Indian weddings are a beautiful, soulful yet tedious affair, filled with ancient traditions and rituals which claim to bond the husband and wife for the next 7 lives. But then, while some of these traditions are beautiful and meaningful, some of the others are dated. Keeping up with the times, shouldn’t some Indian wedding traditions be done away with already? Some of these sexist traditions are not just unfair, but downright insulting.
A tradition in all Indian weddings without which the wedding is incomplete. The very name Kanyadaan is made up of 2 words: Kanya and Daan. While if taken literally, it means giving the daughter away, according to old Hindu traditions, it means the “gift of virginity” or “gifting a maiden”. Yeah, well. It is an age-old tradition and there are many reasons as to why it was brought into existence. One of the most popular ones is that the scriptures stipulated that the eldest son or the ‘son’ of the family was supposed to light the funeral pyre of his parents to absolve them of sins and pass on happily into the afterlife. The patriarchal Hindu society began to thus revere boys and condemn daughters. To salvage the situation, Hindu priests then created the concept of Kanyadaan wherein they said that giving the daughter away was one of the highest honours as it too absolves the parents of sin. After the ritual, the “duty” of the daughter is passed on from the parents to the groom and she is now his liability. Also, it is always a ‘kanya’ daan and not a ‘stree’ daan which implied that only virgins were allowed to have the honour of absolving the sins of their parents.

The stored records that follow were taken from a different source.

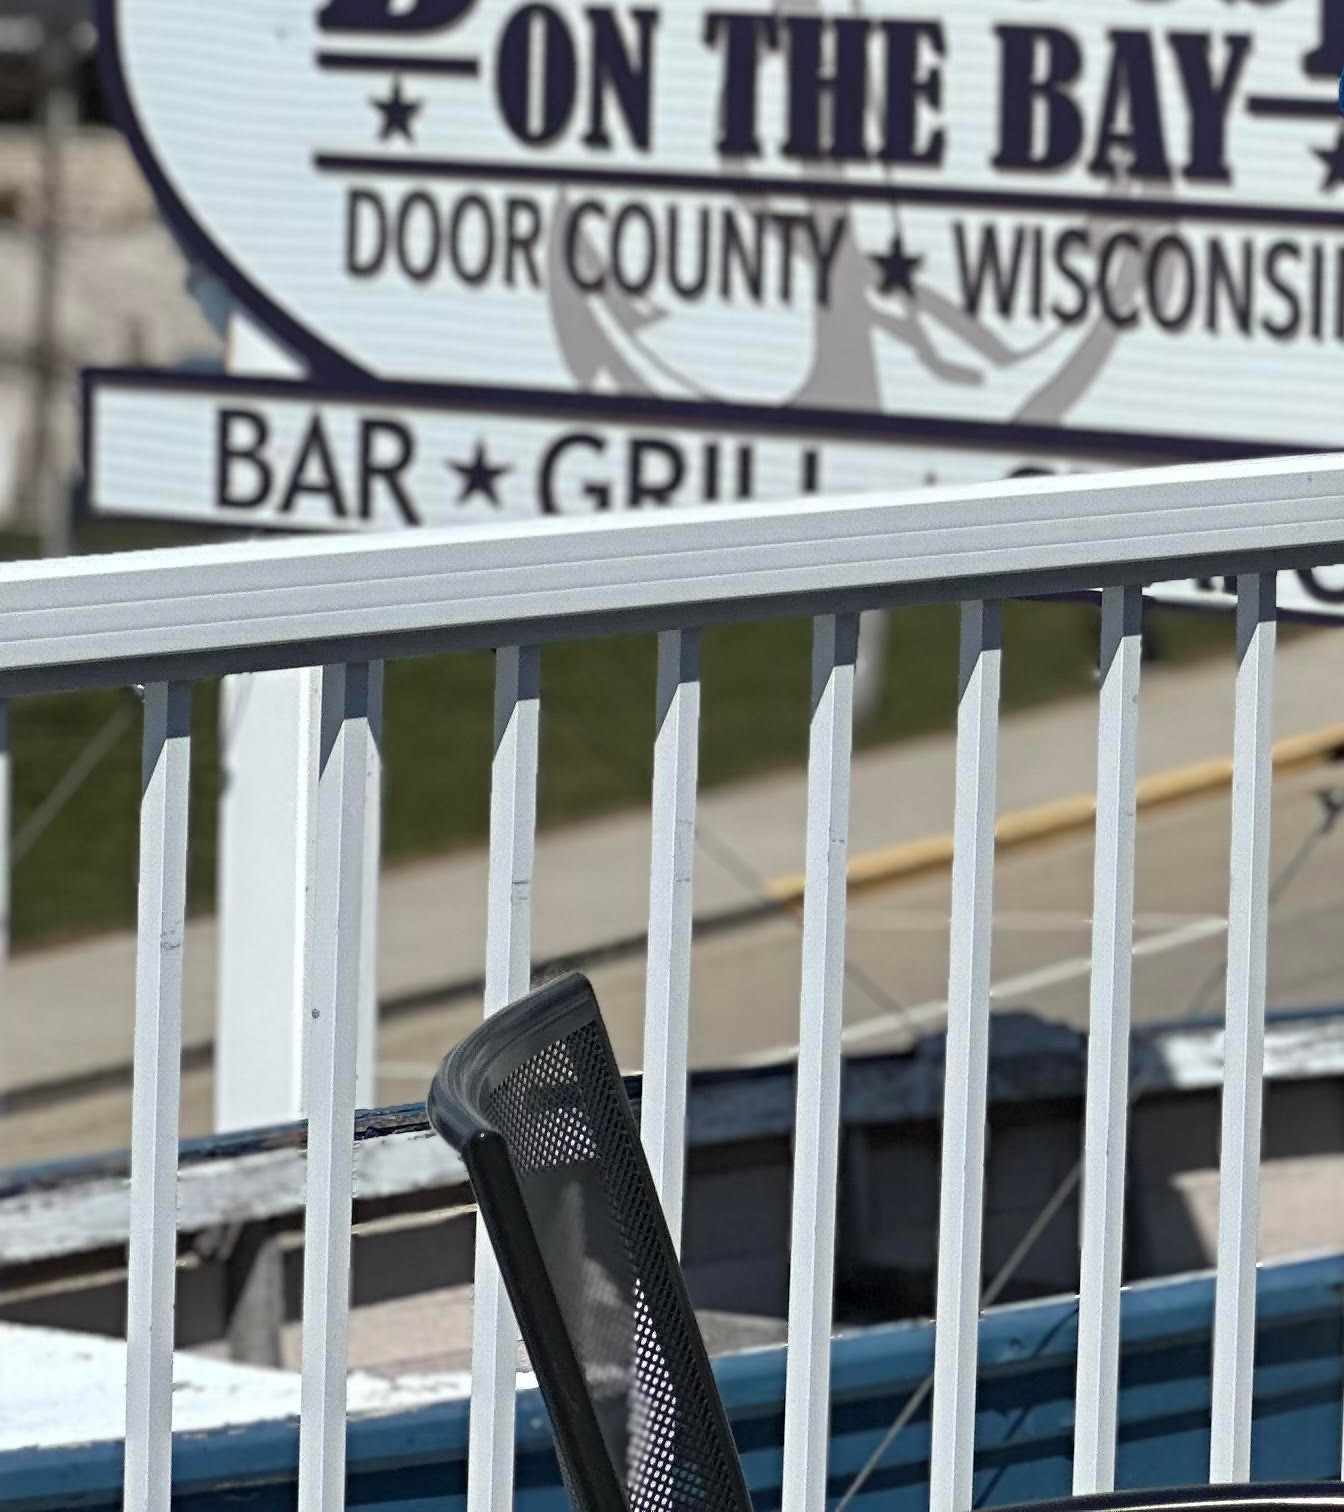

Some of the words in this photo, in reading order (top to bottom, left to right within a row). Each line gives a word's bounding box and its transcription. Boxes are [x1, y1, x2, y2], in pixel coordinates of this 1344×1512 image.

[494, 0, 660, 152] ON
[702, 11, 947, 170] THE
[989, 23, 1254, 186] BAY
[344, 188, 545, 288] DOOR
[563, 195, 854, 312] COUNTY
[212, 407, 423, 527] BAR

While it might have been sensible in ancient times, the treatment of women as property is incorrect in every way. Some traditions are better left buried with time and the tradition of Kanyadaan is one such. Just because the daughter marries off, it does not mean she now has no ties with her family. She has lived in the womb of a woman for 9 months. No ritual on Earth can ever break that bond.
Another problem with Kanyadaan is that it is only the father who is allowed to give away the daughter. If the father is absent, another male relative has the honour. The mother is not in the picture at all. If not the tradition itself, even the steps associated with the ritual are chauvinist.

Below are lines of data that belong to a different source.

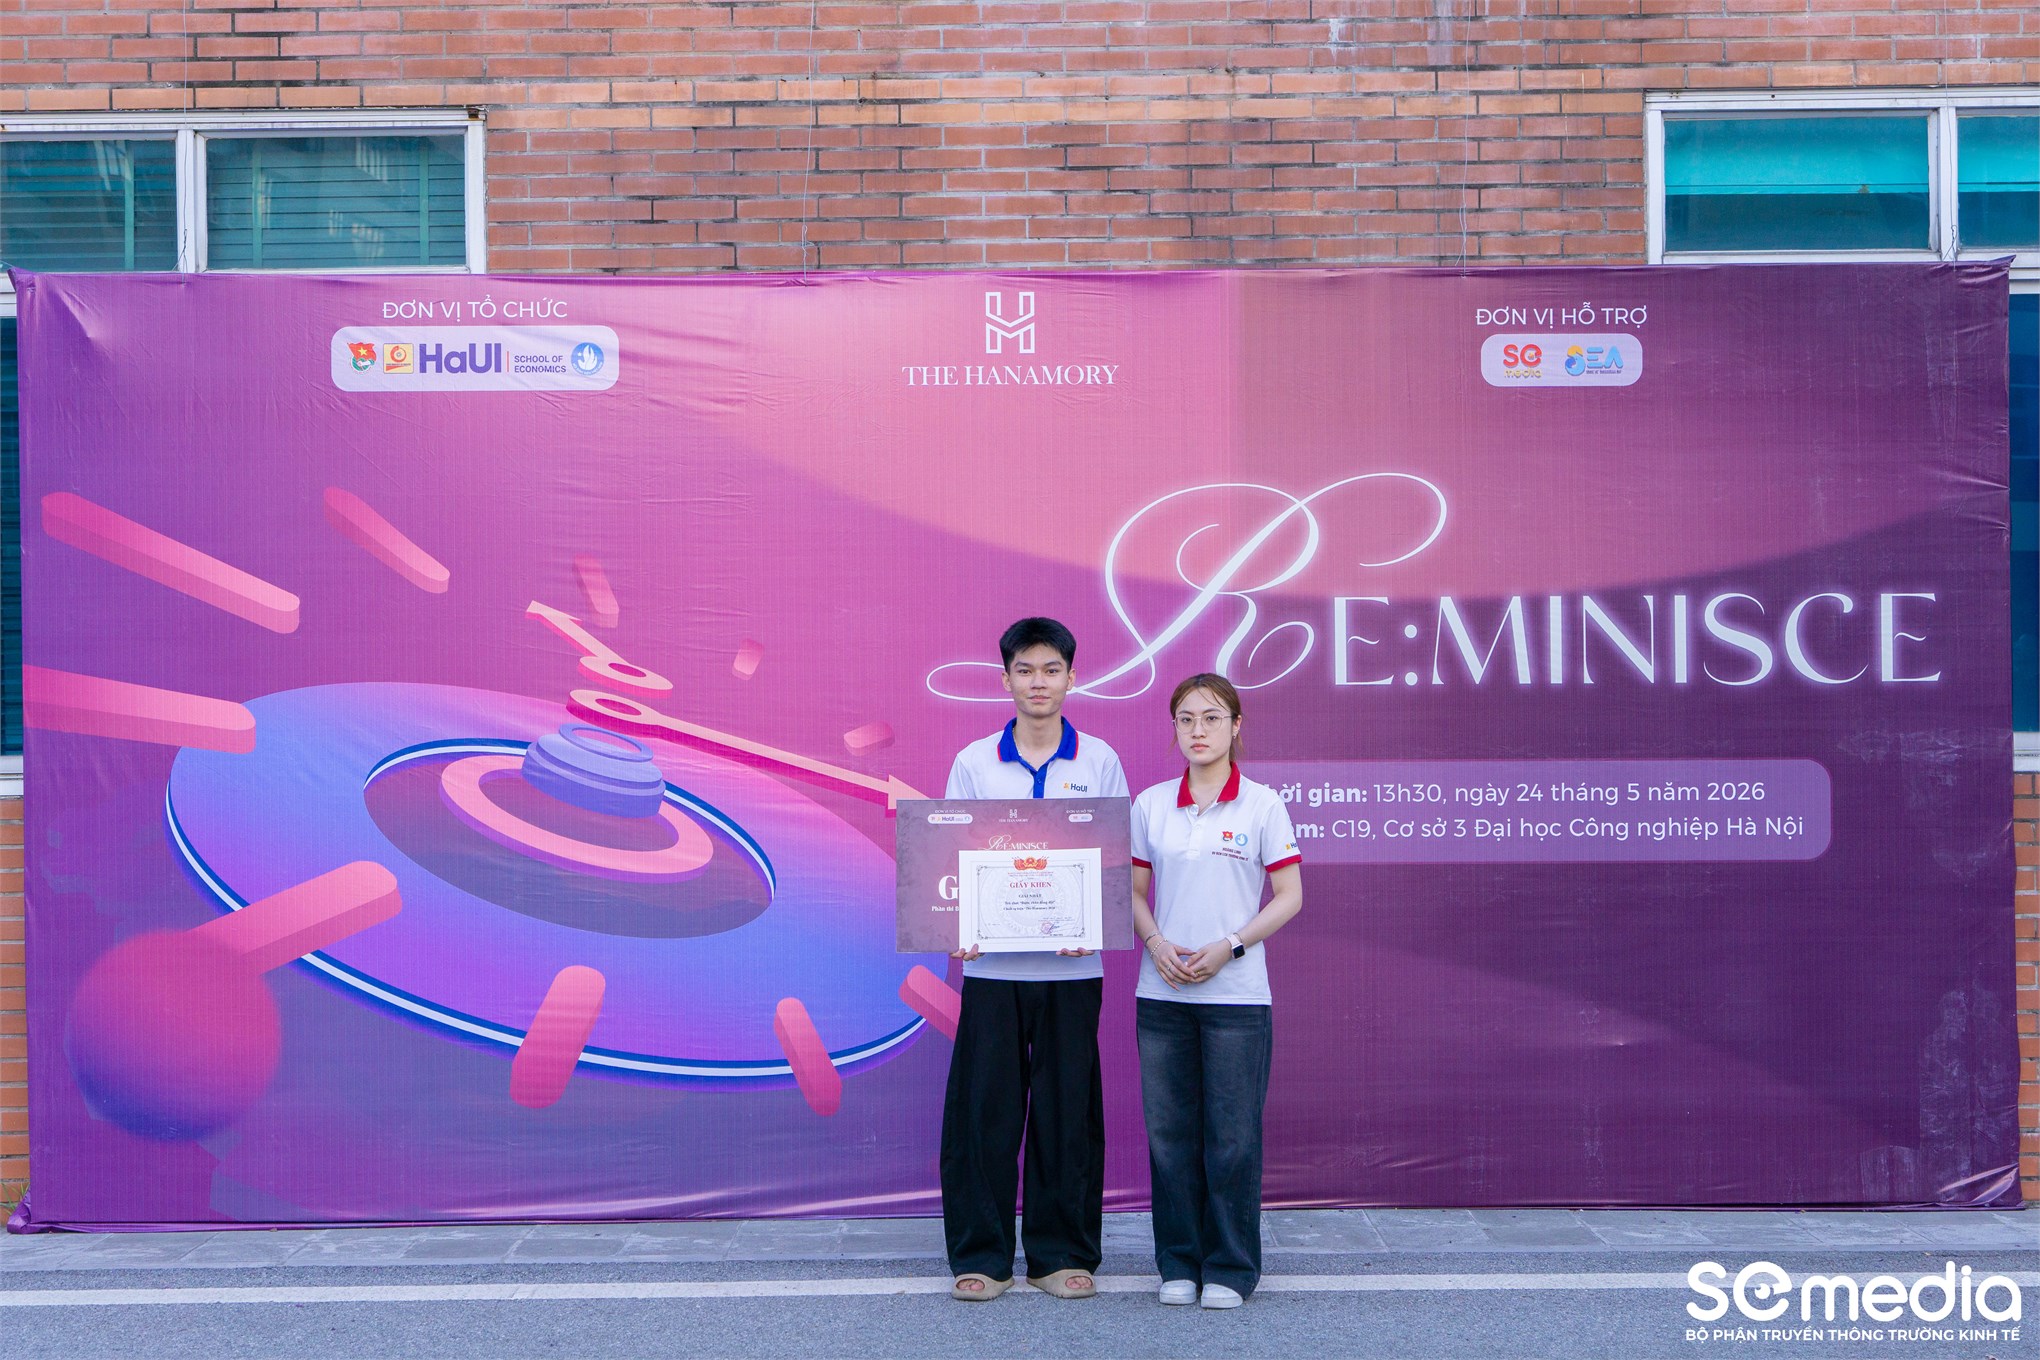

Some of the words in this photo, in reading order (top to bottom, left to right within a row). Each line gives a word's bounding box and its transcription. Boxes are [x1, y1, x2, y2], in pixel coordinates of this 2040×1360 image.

[382, 299, 433, 319] ĐƠN
[440, 301, 461, 322] VỊ
[467, 294, 496, 319] TỔ
[503, 298, 568, 319] CHỨC
[1475, 306, 1527, 326] ĐƠN
[1533, 308, 1554, 329] VỊ
[1562, 301, 1596, 325] HỖ
[1601, 305, 1647, 329] TRỢ
[514, 355, 550, 363] SCHOOL
[552, 355, 564, 363] OF
[514, 365, 567, 373] ECONOMICS
[902, 366, 958, 386] THE
[964, 365, 1119, 385] HANAMORY
[1263, 783, 1302, 803] ời
[1308, 782, 1368, 808] gian:
[1373, 784, 1447, 805] 13h30,
[1455, 784, 1510, 807] ngày
[1517, 784, 1544, 802] 24
[1551, 782, 1618, 806] tháng
[1627, 783, 1640, 801] 5
[1648, 782, 1700, 801] năm
[1707, 782, 1765, 801] 2026
[1332, 819, 1376, 840] C19,
[1383, 820, 1414, 838] Cơ
[1421, 817, 1447, 837] sở
[1454, 819, 1467, 838] 3
[1474, 819, 1512, 841] Đại
[1520, 818, 1561, 841] học
[1569, 818, 1629, 841] Công
[1638, 816, 1719, 840] nghiệp
[1727, 817, 1757, 836] Hà
[1766, 816, 1803, 840] Nội

A popular tradition in South India, Kashi Yatra is today treated as more of a fun event. And yet, it is an inseparable part of Tamil weddings. According to the ritual, the groom gets up from the wedding and refuses to marry the bride, saying he wants to give up worldly pleasures and complete his religious studies. He carries an umbrella, a walking stick and a towel containing lentils (dal) and rice. As he commences this mock pilgrimage, the bride’s father stops him and pleads with them. He then tells the groom the benefits of married life versus ascetic life. He promises his daughter to him and that she will aid him through the ups and downs of life. The groom then returns to the wedding and the wedding continues.

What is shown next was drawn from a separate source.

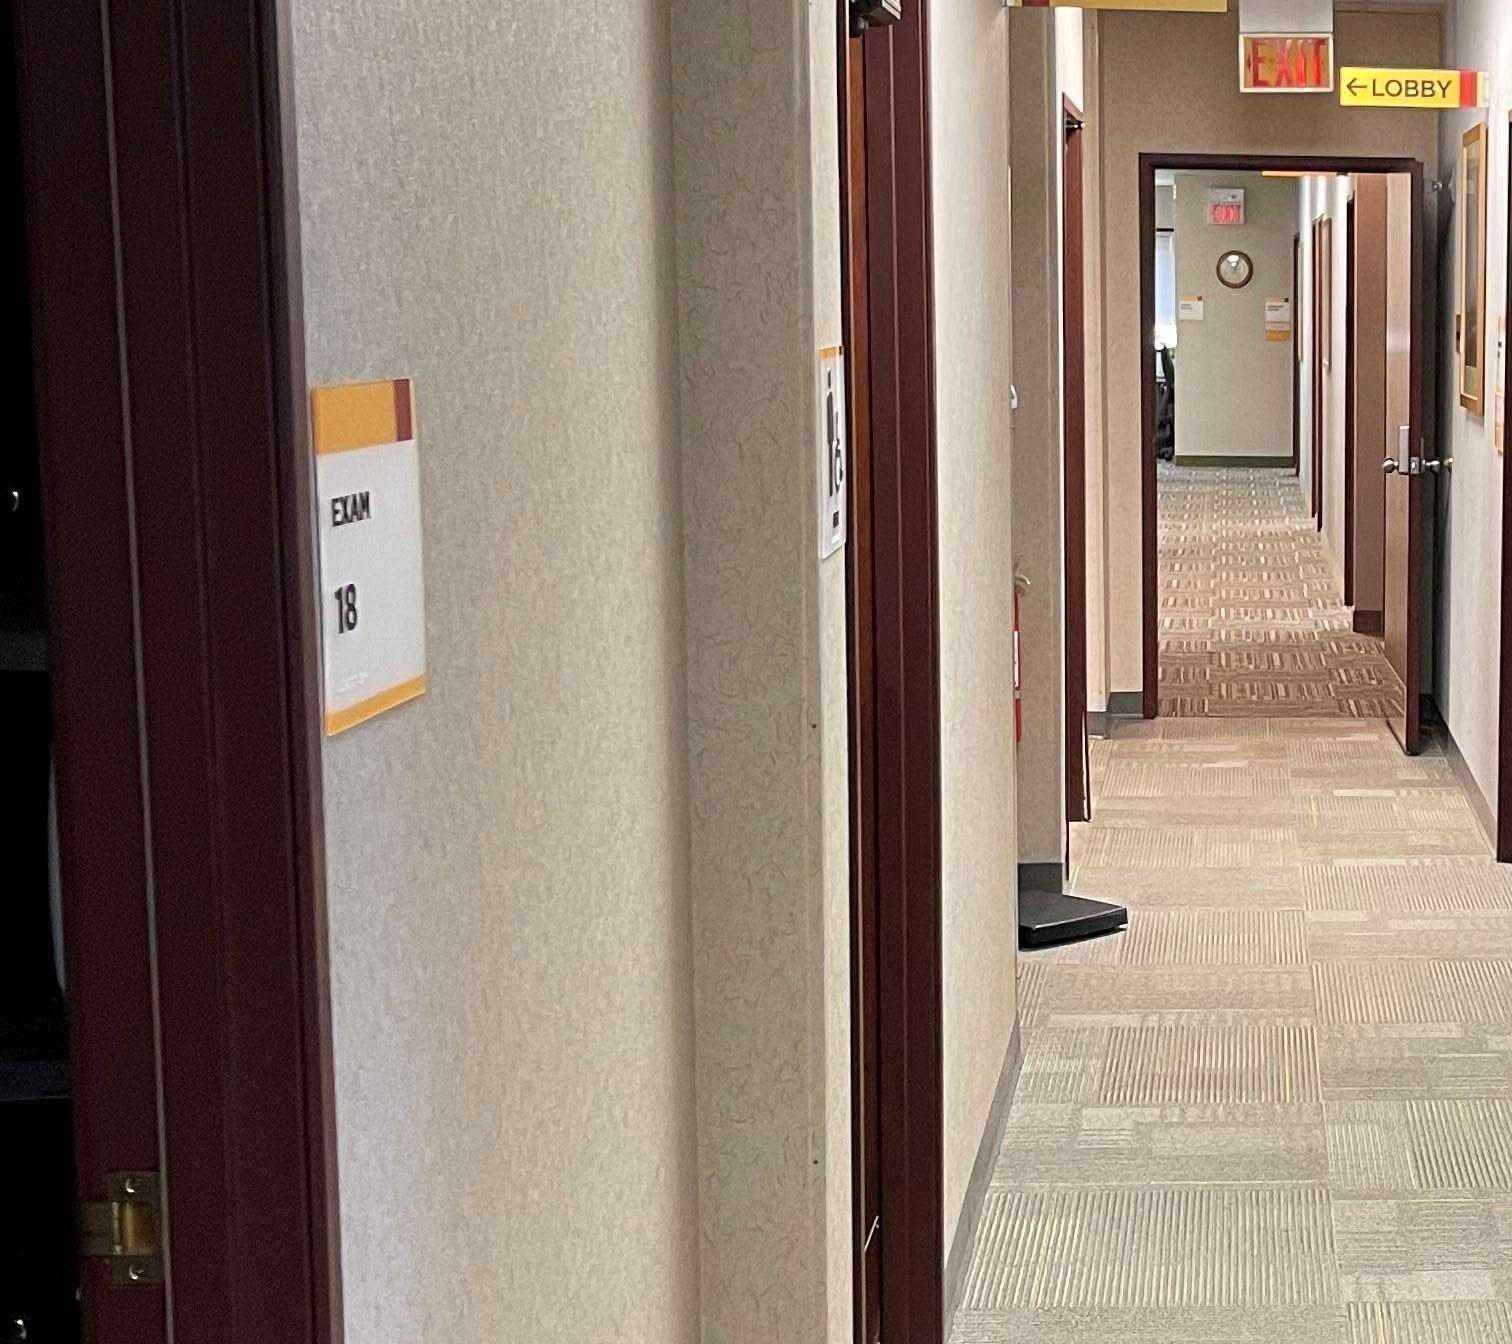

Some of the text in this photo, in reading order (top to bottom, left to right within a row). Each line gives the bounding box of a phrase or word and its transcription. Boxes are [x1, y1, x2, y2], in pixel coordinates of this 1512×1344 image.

[1252, 38, 1326, 86] EXIT
[1372, 78, 1452, 98] LOBBY
[331, 490, 372, 527] EXAM
[334, 583, 358, 634] 18

Seems innocent and fun. But then, the question arises in the modern world, why is only the groom allowed to embark on a Kashiyatra? Why can’t the bride want to study further and decide to get up and leave the marriage hall with her mother-in-law tagging behind her, begging her not to leave the groom? Why is it treated as ambitious only for the groom. In modern days, the bride’s life will definitely not end if the groom decides to get up and leave. Rather, she might just decide to move on in life and get much ahead of the groom in education and career.